BEGIN Data provided

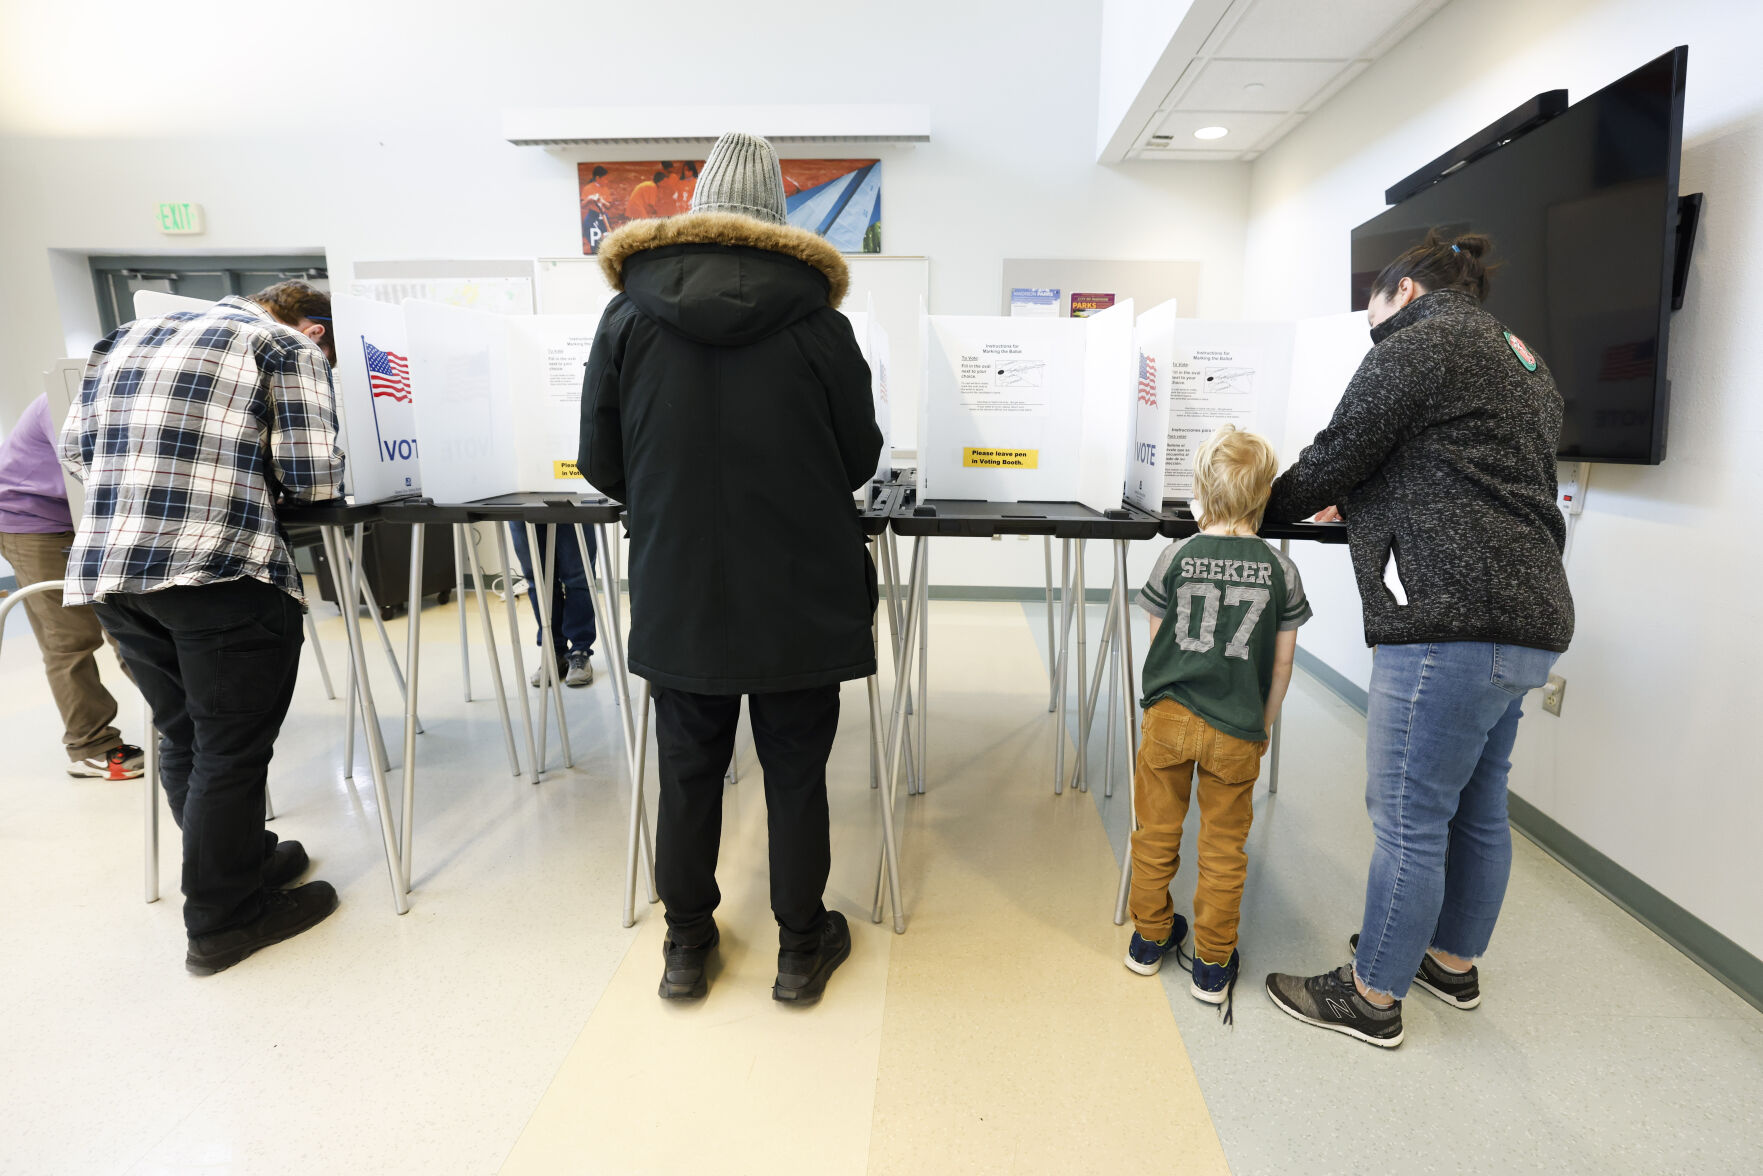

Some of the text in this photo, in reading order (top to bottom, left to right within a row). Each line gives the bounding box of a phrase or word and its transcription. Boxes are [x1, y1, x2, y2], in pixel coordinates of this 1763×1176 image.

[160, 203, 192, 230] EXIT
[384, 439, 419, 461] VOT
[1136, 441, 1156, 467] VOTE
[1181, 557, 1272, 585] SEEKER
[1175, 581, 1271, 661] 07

END Data provided

**Task statement:** The entries above need to be repeated in full, word for word. Skip the images.

**Finished exercise:**
Some of the text in this photo, in reading order (top to bottom, left to right within a row). Each line gives the bounding box of a phrase or word and its transcription. Boxes are [x1, y1, x2, y2], in pixel coordinates of this 1763×1176 image.

[160, 203, 192, 230] EXIT
[384, 439, 419, 461] VOT
[1136, 441, 1156, 467] VOTE
[1181, 557, 1272, 585] SEEKER
[1175, 581, 1271, 661] 07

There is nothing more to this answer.